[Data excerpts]
● ● ●

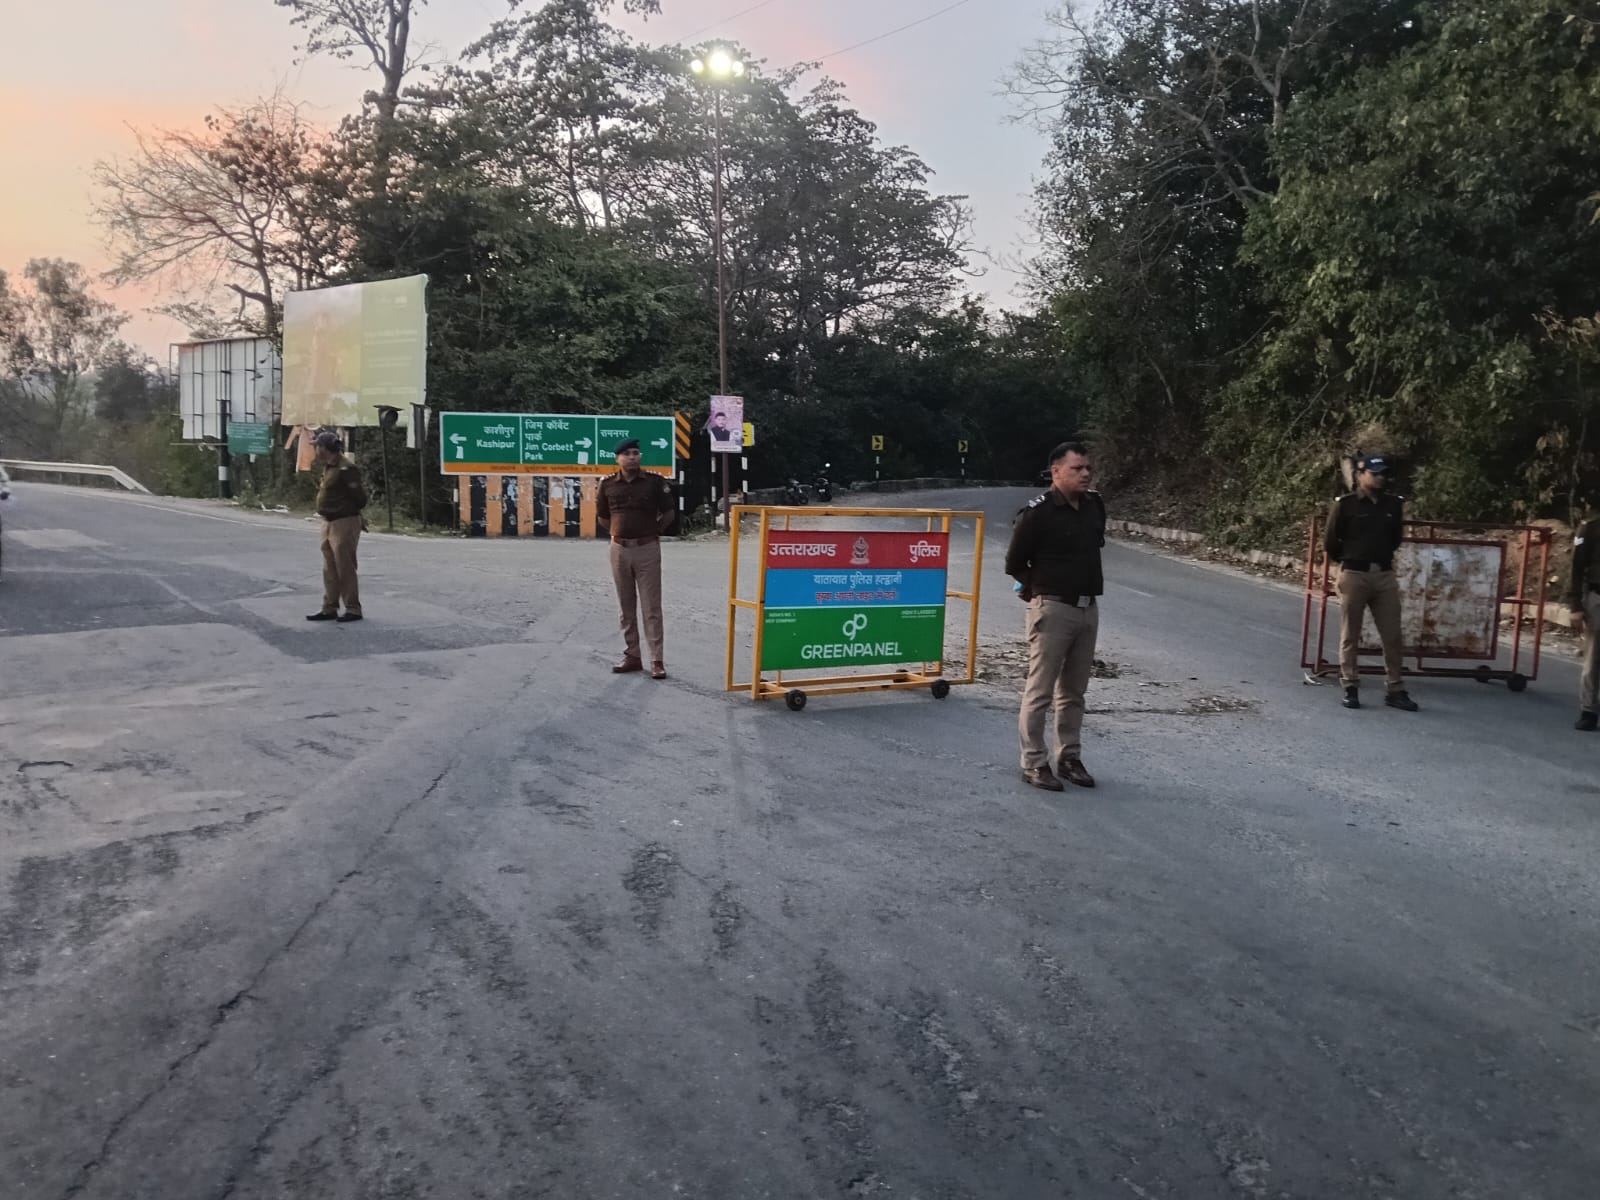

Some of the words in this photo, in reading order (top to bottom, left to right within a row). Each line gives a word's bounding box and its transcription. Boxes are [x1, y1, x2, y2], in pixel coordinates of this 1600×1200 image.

[525, 419, 543, 430] जिम
[483, 424, 515, 439] काशीपुर
[525, 432, 543, 441] पार्क
[477, 440, 516, 449] Kashipur
[525, 443, 540, 451] Jim
[542, 443, 574, 452] Corbett
[525, 453, 544, 461] Park
[769, 544, 838, 557] उत्तराखण्ड
[910, 541, 941, 563] पुलिस
[813, 574, 847, 585] यातायात
[850, 571, 873, 588] पुलिस
[801, 642, 902, 659] GREENPANEL
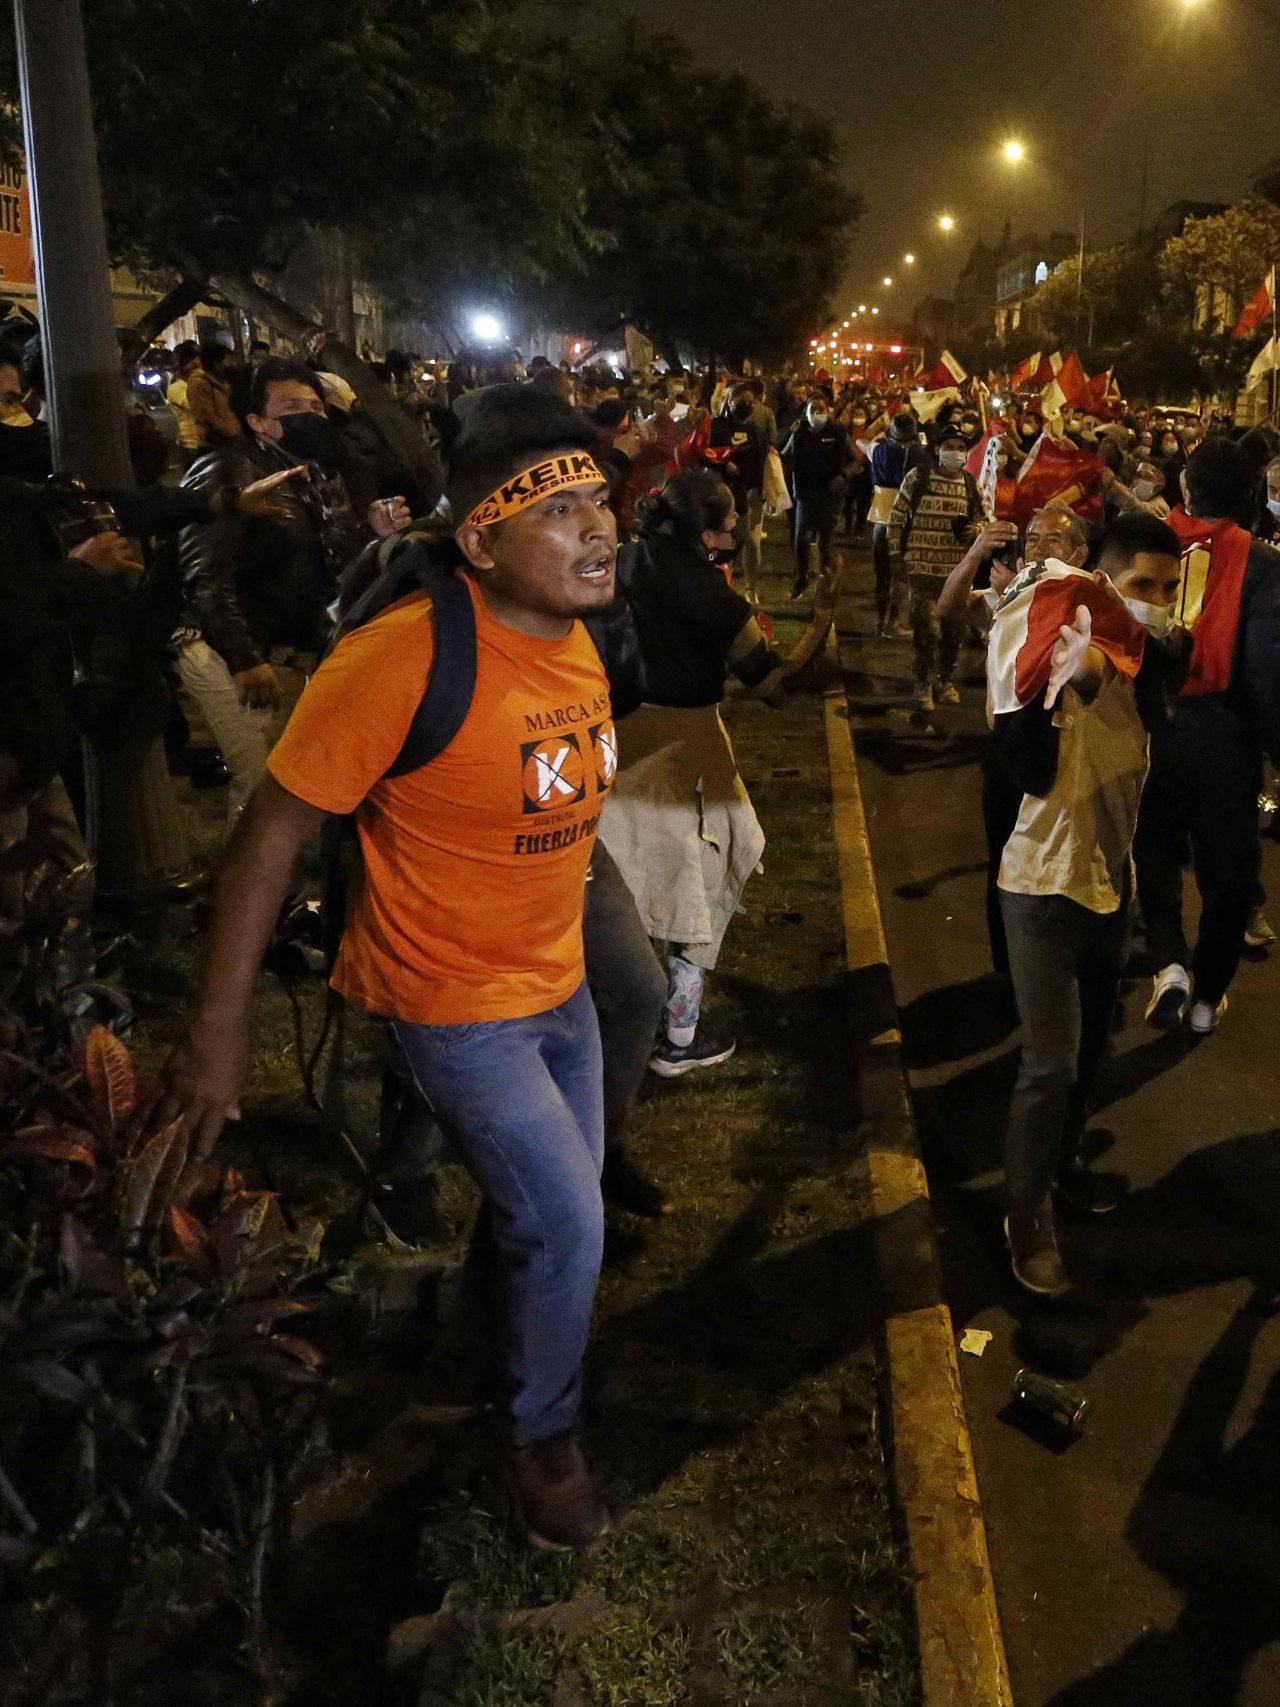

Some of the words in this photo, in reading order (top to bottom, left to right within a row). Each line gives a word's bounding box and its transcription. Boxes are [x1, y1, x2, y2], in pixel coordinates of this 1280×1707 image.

[524, 703, 591, 732] MARCA
[533, 746, 576, 801] K
[514, 823, 579, 855] FUERZA
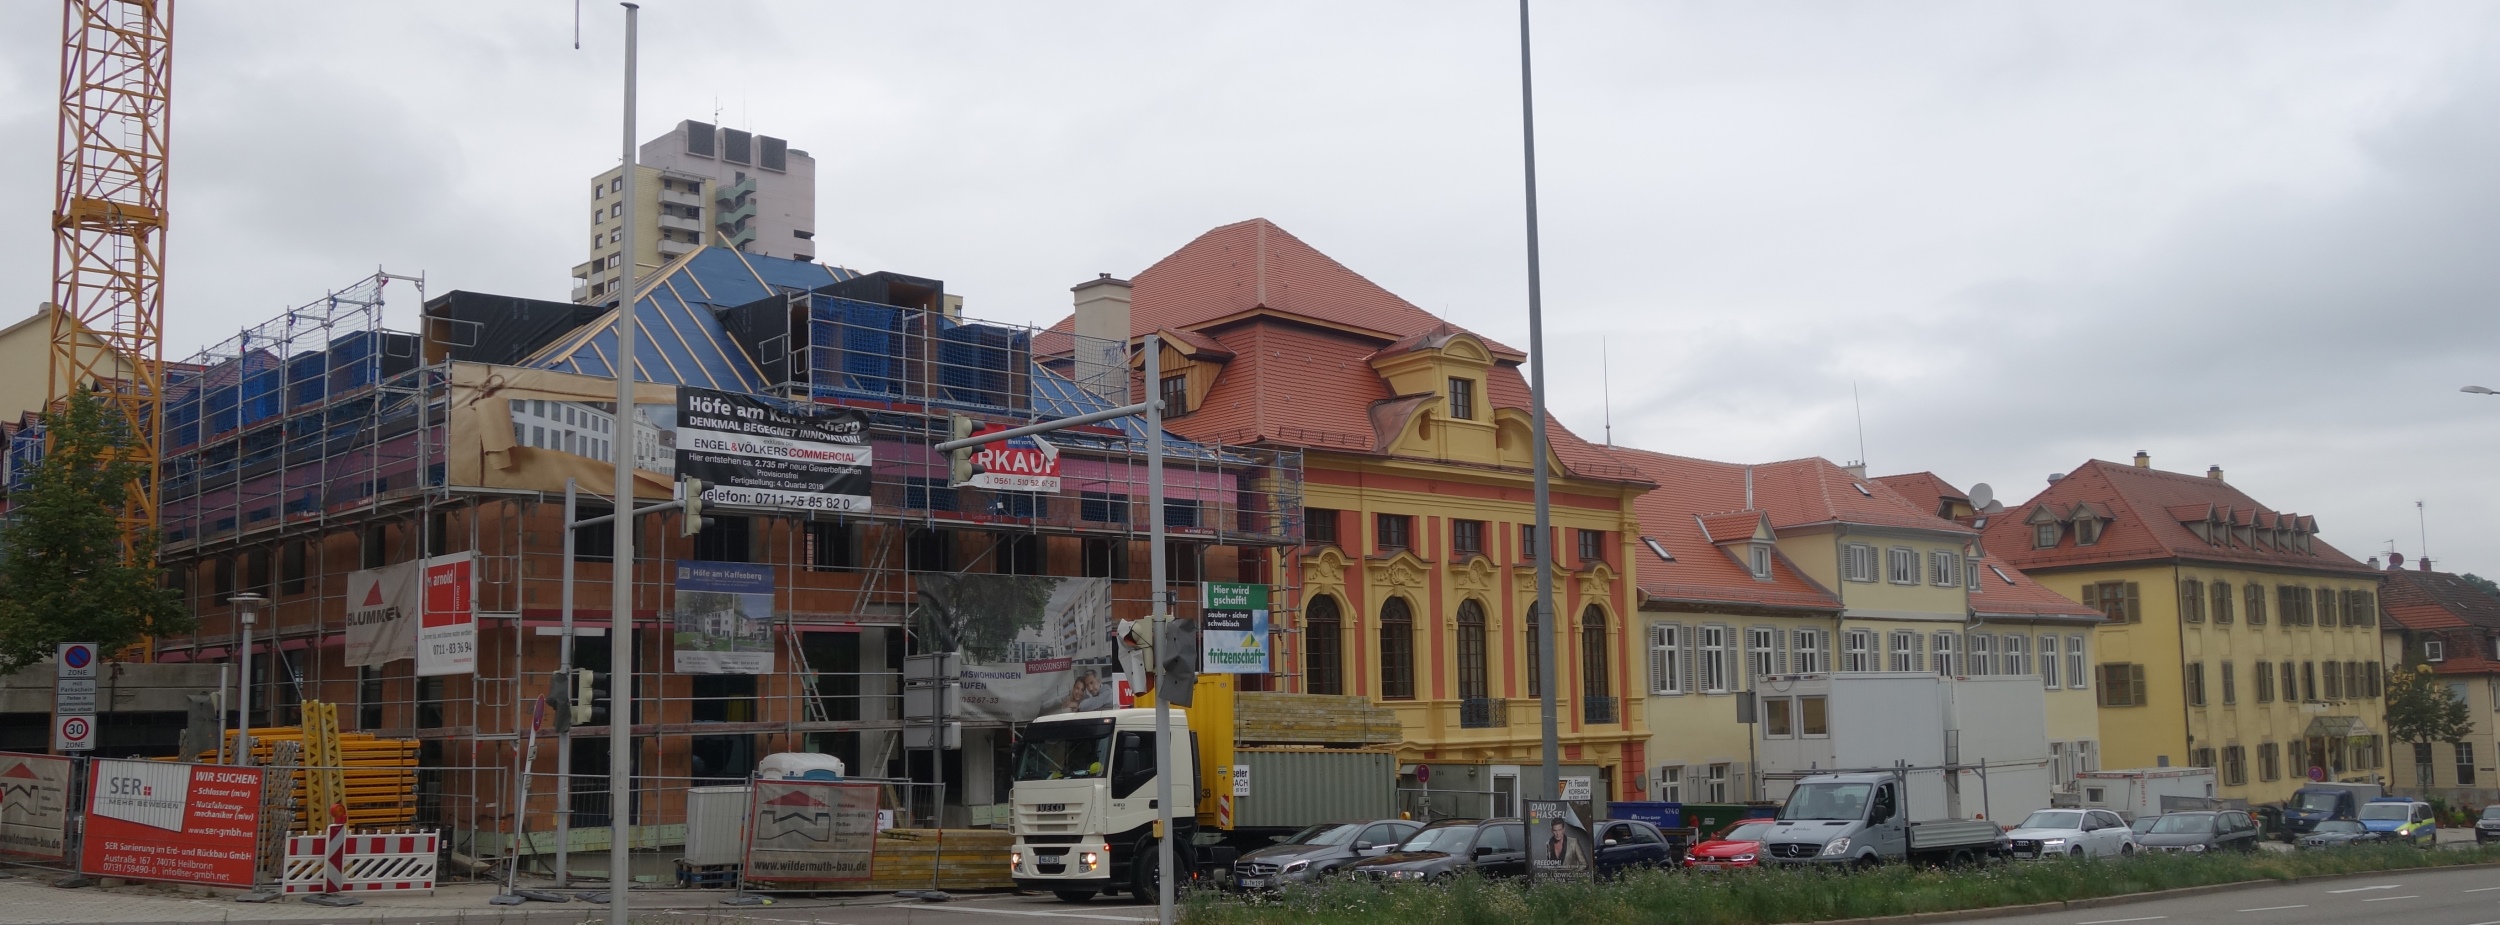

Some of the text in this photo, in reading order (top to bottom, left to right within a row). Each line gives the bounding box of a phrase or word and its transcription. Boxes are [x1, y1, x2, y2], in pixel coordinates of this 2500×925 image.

[689, 396, 731, 416] Höfe
[737, 406, 764, 421] am
[689, 416, 861, 445] DENKMAL BEGEGNET INNOVATION!
[789, 448, 857, 463] COMMERCIAL
[688, 453, 862, 476] Hier entstehen ca. 2.735 m² neue Gewerbeflächen
[757, 469, 799, 480] Provisionsfrei
[730, 475, 776, 488] Fertigstellung:
[784, 480, 807, 490] Quartal
[808, 482, 824, 490] 2019
[993, 477, 1012, 486] 0561
[1016, 478, 1029, 486] 510
[755, 492, 804, 507] 0711-75
[808, 495, 822, 508] 85
[826, 496, 840, 509] 82
[843, 498, 851, 510] 0
[433, 569, 454, 586] arnold
[693, 569, 710, 577] Höfe
[712, 570, 723, 578] am
[724, 571, 762, 581] Kaffeeberg
[1213, 585, 1250, 595] Hier wird
[1213, 595, 1247, 606] gschafft!
[433, 641, 472, 656] 0711 83 36 94
[1208, 648, 1265, 665] fritzenschaft
[68, 723, 84, 735] 30
[195, 771, 258, 785] WIR SUCHEN:
[110, 776, 142, 797] SER
[198, 787, 251, 799] Schlosser (m/w)
[137, 800, 179, 810] BEWEGEN
[195, 801, 244, 812] Nutzfahrzeug-
[1036, 804, 1065, 813] IVECO
[1531, 803, 1556, 811] DAVID
[194, 810, 254, 822] mechaniker (m/w)
[188, 827, 253, 838] www.ser-gmbh.net
[104, 842, 252, 861] SER Sanierung im Erd- und Rückbau GmbH
[104, 854, 214, 869] Austraße 167 74076 Heilbronn
[754, 860, 867, 872] www.wildermuth-bau.de
[162, 867, 230, 881] info@ser-gmbh.net
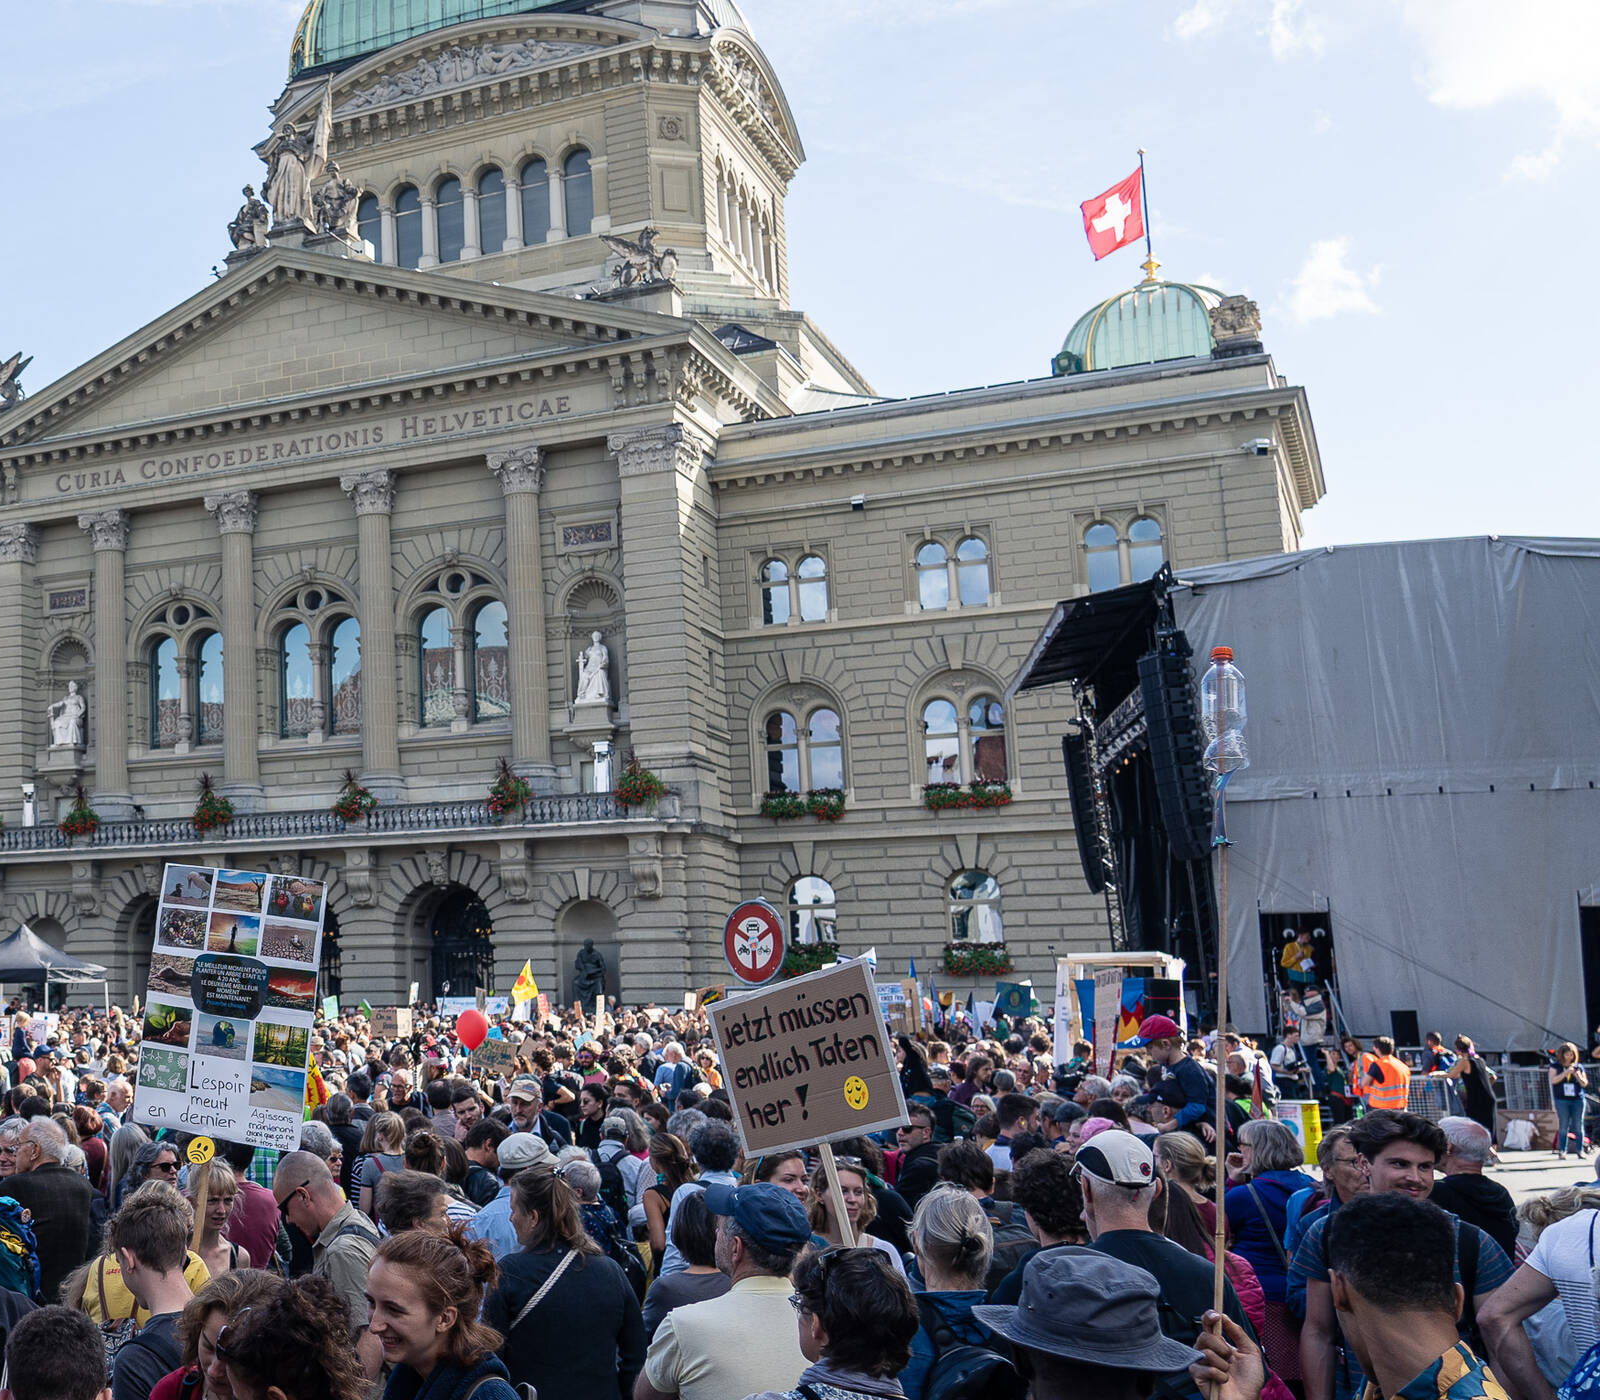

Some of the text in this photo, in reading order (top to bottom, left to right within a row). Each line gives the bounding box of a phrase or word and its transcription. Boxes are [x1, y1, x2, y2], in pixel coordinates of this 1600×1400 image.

● ● ●

• **WHAT TO PRODUCE**
Starting at the line that contains "this 2500×925 image.", please write out every line to the end of the entries, inclusive, copied exactly and with pictures omitted.

• **RESULT BELOW**
Some of the text in this photo, in reading order (top to bottom, left to right within a row). Each line gives the bounding box of a phrase or word and its transcription. Boxes are [x1, y1, x2, y2], in pixel coordinates of this 2500×925 image.

[689, 396, 731, 416] Höfe
[737, 406, 764, 421] am
[689, 416, 861, 445] DENKMAL BEGEGNET INNOVATION!
[789, 448, 857, 463] COMMERCIAL
[688, 453, 862, 476] Hier entstehen ca. 2.735 m² neue Gewerbeflächen
[757, 469, 799, 480] Provisionsfrei
[730, 475, 776, 488] Fertigstellung:
[784, 480, 807, 490] Quartal
[808, 482, 824, 490] 2019
[993, 477, 1012, 486] 0561
[1016, 478, 1029, 486] 510
[755, 492, 804, 507] 0711-75
[808, 495, 822, 508] 85
[826, 496, 840, 509] 82
[843, 498, 851, 510] 0
[433, 569, 454, 586] arnold
[693, 569, 710, 577] Höfe
[712, 570, 723, 578] am
[724, 571, 762, 581] Kaffeeberg
[1213, 585, 1250, 595] Hier wird
[1213, 595, 1247, 606] gschafft!
[433, 641, 472, 656] 0711 83 36 94
[1208, 648, 1265, 665] fritzenschaft
[68, 723, 84, 735] 30
[195, 771, 258, 785] WIR SUCHEN:
[110, 776, 142, 797] SER
[198, 787, 251, 799] Schlosser (m/w)
[137, 800, 179, 810] BEWEGEN
[195, 801, 244, 812] Nutzfahrzeug-
[1036, 804, 1065, 813] IVECO
[1531, 803, 1556, 811] DAVID
[194, 810, 254, 822] mechaniker (m/w)
[188, 827, 253, 838] www.ser-gmbh.net
[104, 842, 252, 861] SER Sanierung im Erd- und Rückbau GmbH
[104, 854, 214, 869] Austraße 167 74076 Heilbronn
[754, 860, 867, 872] www.wildermuth-bau.de
[162, 867, 230, 881] info@ser-gmbh.net

Some of the text in this photo, in reading order (top to bottom, left to right within a row). Each line gives the bounding box of a phrase or word and its transcription. Boxes are [x1, y1, x2, y2], in pixel coordinates of this 1600×1400 image.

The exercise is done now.